Jaime Caballero¹, Rafael Rodríguez-Rojas¹, Raul Martínez-Fernández¹, Marta Del-Alamo¹, Pablo Garcia-Polo², and Jose A. Pineda-Pardo³

¹hmCINAC, University Hospital HM Puerta del Sur, Móstoles, Spain, ²GE Healthcare, Madrid, Spain, ³Neuroimaging, hmCINAC, Móstoles, Spain

Synopsis

The high acoustic impedance of the skull limits the performance of tissue ablation applications with tcMRgFUS. Skull characterization is currently based on CT. Zero echo time (ZTE) images could represent a safer alternative in this matter. CT and ZTE images were acquired in sixteen essential tremor patients that underwent tcMRgFUS. Several skull measures were obtained for both images. ZTE and CT based metrics were strongly correlated. Furthermore skull thickness and the skull density ratio were able to predict the efficiency of the treatment. In conclusion, ZTE based measures are able to determine the suitability of a tcMRgFUS candidate.

Introduction

Transcranial magnetic resonance-guided focused ultrasound (tcMRgFUS) is a novel technique that allows incisionless brain tissue ablation by focusing acoustic energy to deep locations in the brain [1]. The high acoustical impedance of the skull [2] limits the performance of this technique; therefore it is essential to characterize the skull both for subject suitability screening and to achieve successful ultrasound beam focusing. Current screening is based in the skull density ratio (SDR) [3] and total available skull area, which are estimated using patient’s CT images. Novel MR based contrasts that use zero echo time (ZTE) allow the differentiation of bone tissues, and may thus show potential for tcMRgFUS screening [4-5]. This work intends to validate ZTE imaging for measuring skull properties that affect tcMRgFUS performance.

Methods

Image acquisition. CT and ZTE images were acquired in a sample of sixteen patients suffering from medication-refractory essential tremor that underwent tcMRgFUS thalamotomy. The study was performed according to the Declaration of Helsinki and approved by the local Ethics Committee. All patients provided written informed consent before treatment and MRI acquisition. CT images were acquired on a Toshiba Acquilion Prime scanner [Matrix=512x512, Field of view=241x241 mm2, Slice thickness=1 mm, Convolution kernel=FC30]. ZTE images were acquired on a 3T GE scanner (Discovery 750w) [TR/TE/TI=688.612/0/0 ms, Flip angle=1º, Acquisition matrix=256x256, Field of View=256x256 mm2].
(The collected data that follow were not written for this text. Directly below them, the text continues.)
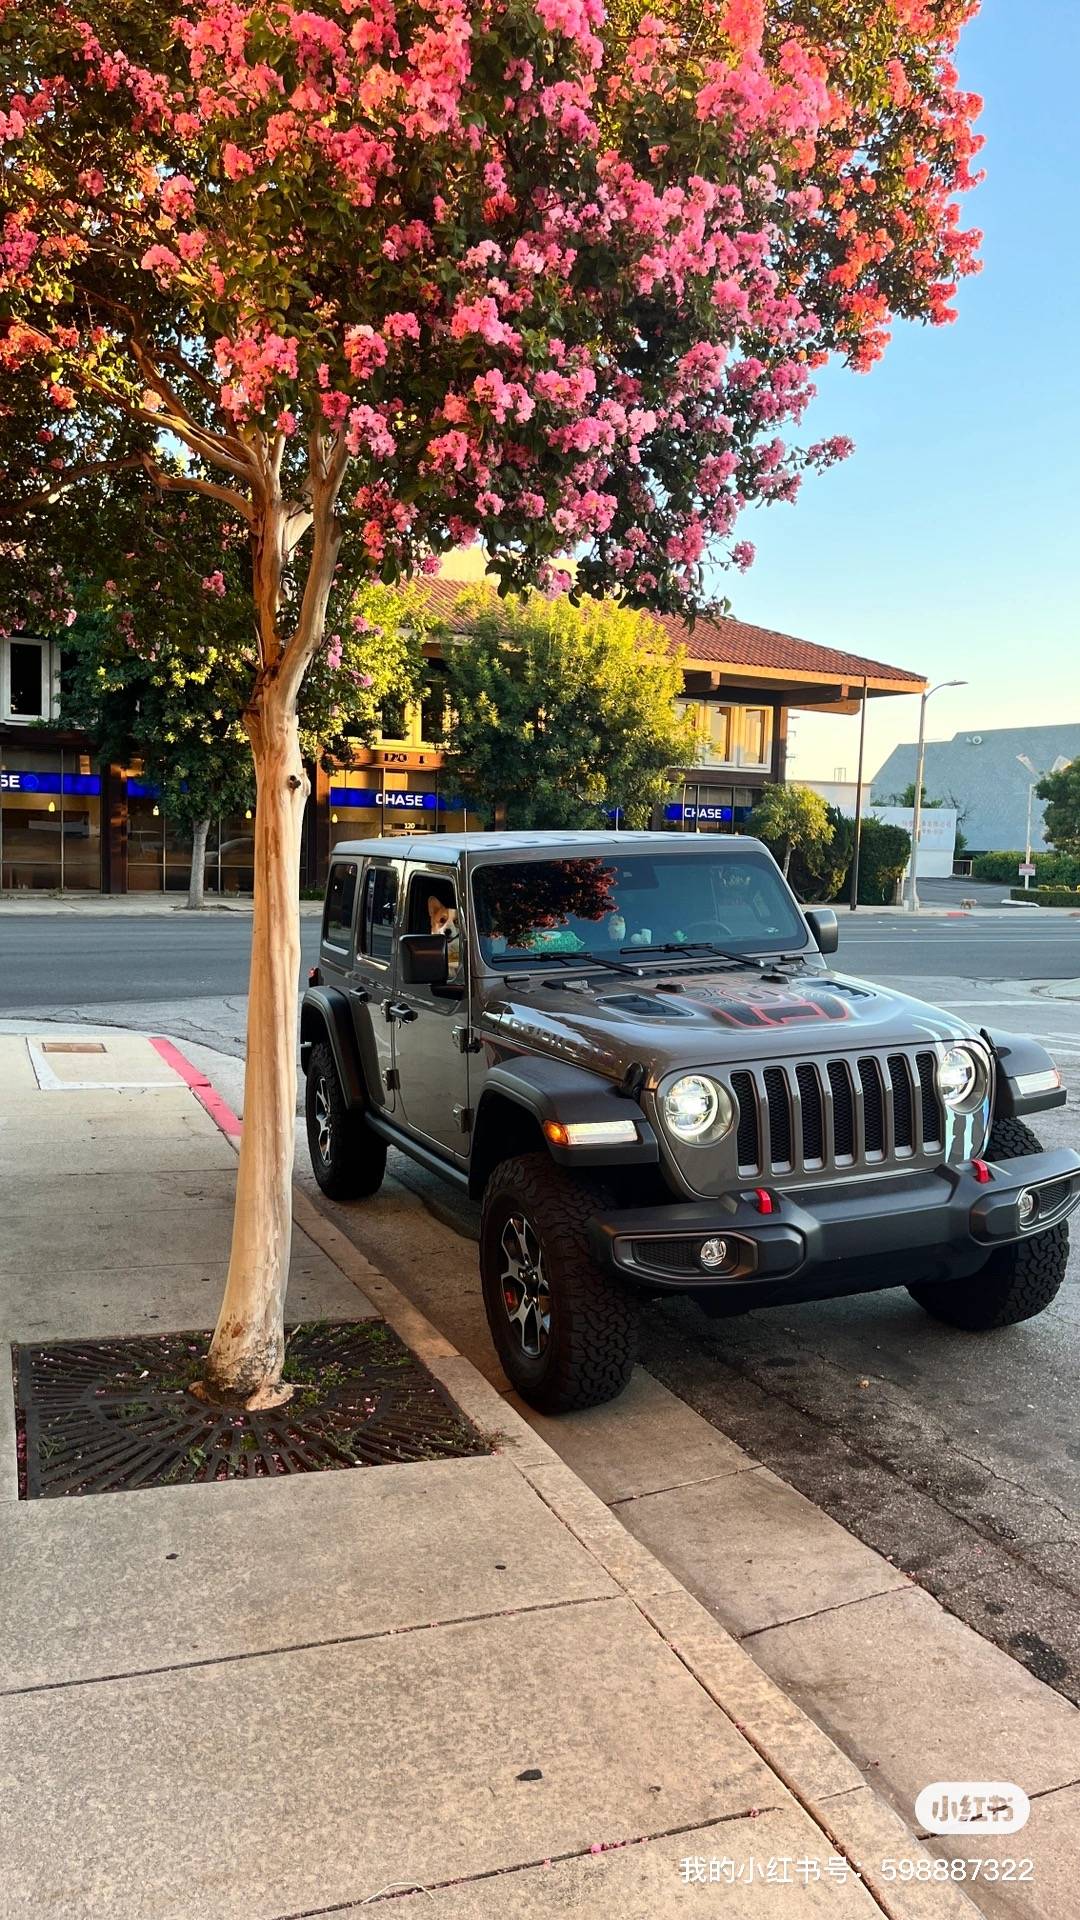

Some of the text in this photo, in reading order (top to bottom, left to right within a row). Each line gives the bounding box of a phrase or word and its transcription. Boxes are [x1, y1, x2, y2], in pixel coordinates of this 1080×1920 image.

[384, 753, 407, 762] 120
[375, 793, 423, 806] CHASE
[684, 807, 722, 818] CHASE
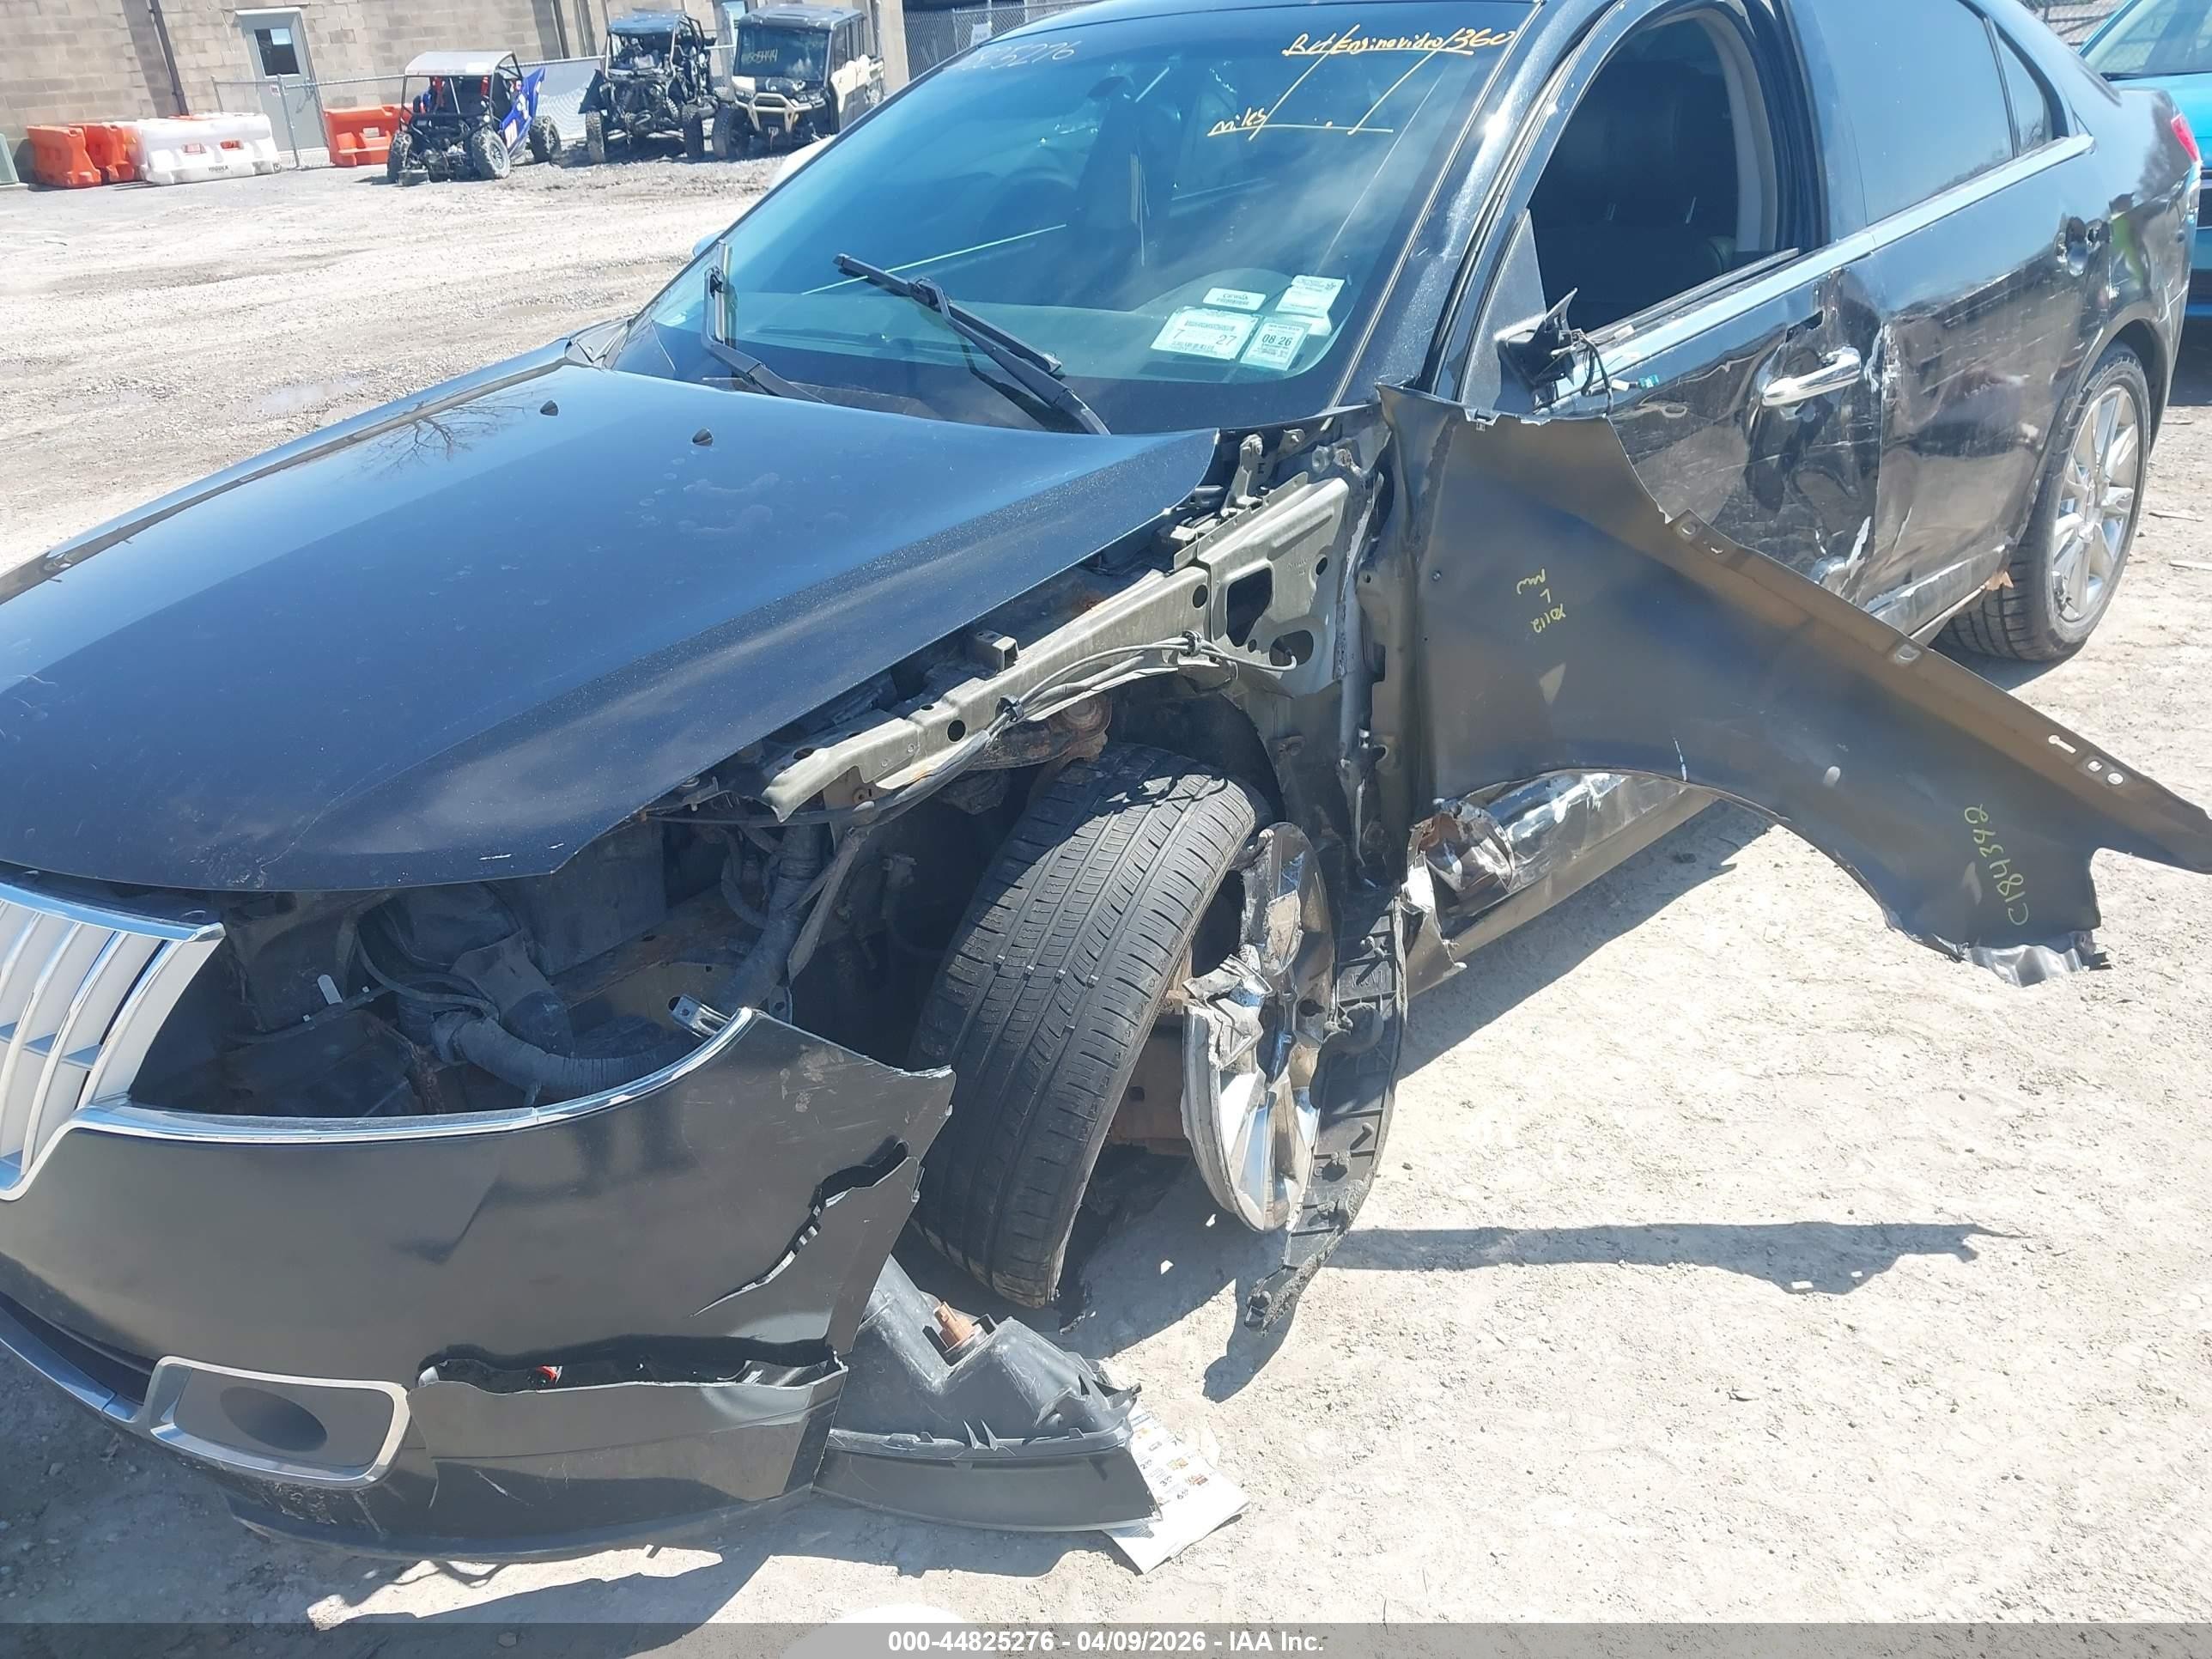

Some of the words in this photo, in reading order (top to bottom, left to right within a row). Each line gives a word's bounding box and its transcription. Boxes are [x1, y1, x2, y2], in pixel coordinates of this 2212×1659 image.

[1216, 334, 1237, 346] 27
[1262, 334, 1277, 344] 08
[1277, 337, 1293, 347] 26
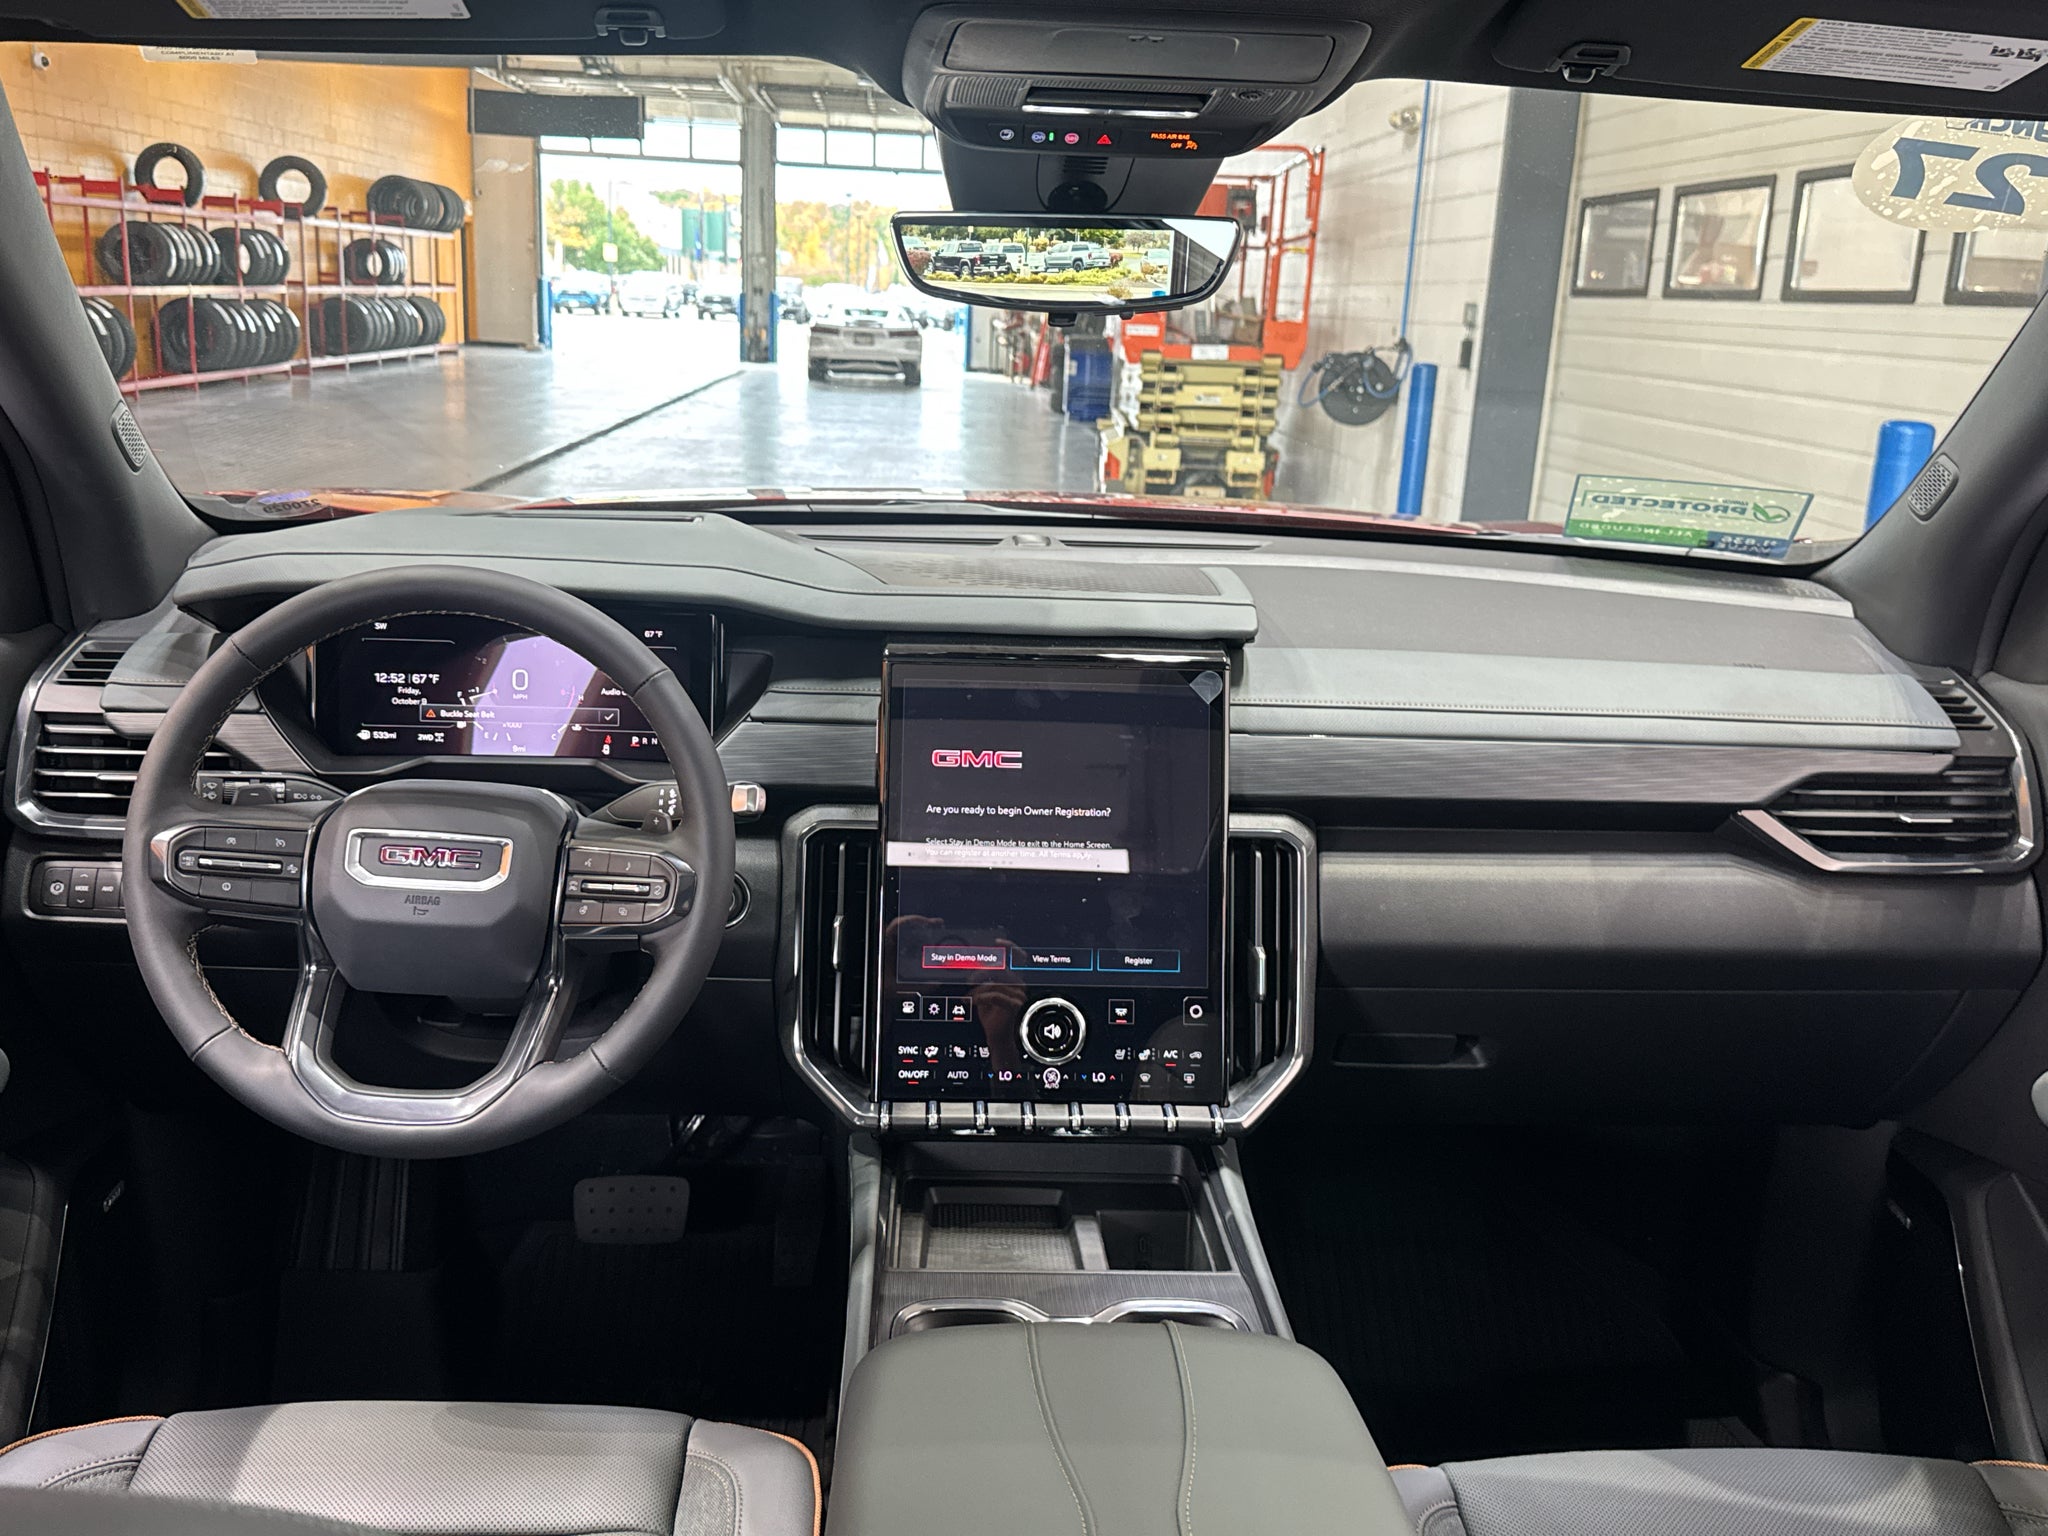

Image Preprocessing. ZTE images were corrected for intensity inhomogeneity, co-registered to the CT and inverse-logarithm scaled [5]. Skull bone masks were created by combination of thresholding and morphological operators in both CT and -log(ZTE). The transducer array was positioned targeting at the ventral intermediate nucleus of the thalamus following the coordinates defined in [6].

Feature extraction. Skull features were computed for each ultrasound element, drawing a line that goes from the element to the target (see Fig. 1). In addition to the “classical” features (i.e. the skull thickness, the skull density ratio (SDR) [3] and the angle of incidence), several new metrics were defined: SDRin and SDRout, inner and outer bone densities, total and normalized densities, and total and normalized absolute differences. Treatment profiles were constructed relating the maximum thermal rise at the target to the energy applied to the transducers for each sonication, exported from Exablate’s software. These were modeled using linear (𝑇𝑚𝑎𝑥=𝐴⋅𝐸+𝐵) and logarithmic (𝑇𝑚𝑎𝑥=𝐴⋅ln𝐸+𝐵) fitting. The A parameter was taken as an estimate of treatment efficiency.

Results

Logarithmic fitting adjusted better than linear fitting the energy-temperature curves (P=0.007). Furthermore, we found a strong negative correlation (r=-0.74, P<0.001) between the skull thickness and a measure of non-linearity of the curve (see Fig. 2A). Further analyses were carried out using only the logarithmic curve.

The estimated features obtained from CT and ZTE images were significantly correlated (R²>0.4; P<0.001), except for the total absolute difference and the metrics employed in the current screening protocol, i.e. skull thickness, angle of incidence and SDR, were strongly replicated using ZTE (see Fig. 2B). The highest similarity was obtained for the skull thickness (R²=0.97, P<0.001). High correlations were found also for the SDR and the angle of incidence (SDR: R²=0.80, P<0.001; angle: R²=0.92, P<0.001). As expected, correlations with line features were lower than with subject averages. Nevertheless classical features were still significantly correlated (Skull thickness: R²=0.89, P<0.001; angle of incidence: R²=0.37, P<0.001; SDR: R²=0.29, P<0.001). Finally, the measured SDRs were correlated to the one computed by Exablate’s workstation, showing robust correlation for both modalities (CT: R²=0.96, P<0.001; ZTE: R²=0.92, P<0.001) (see Fig. 2C).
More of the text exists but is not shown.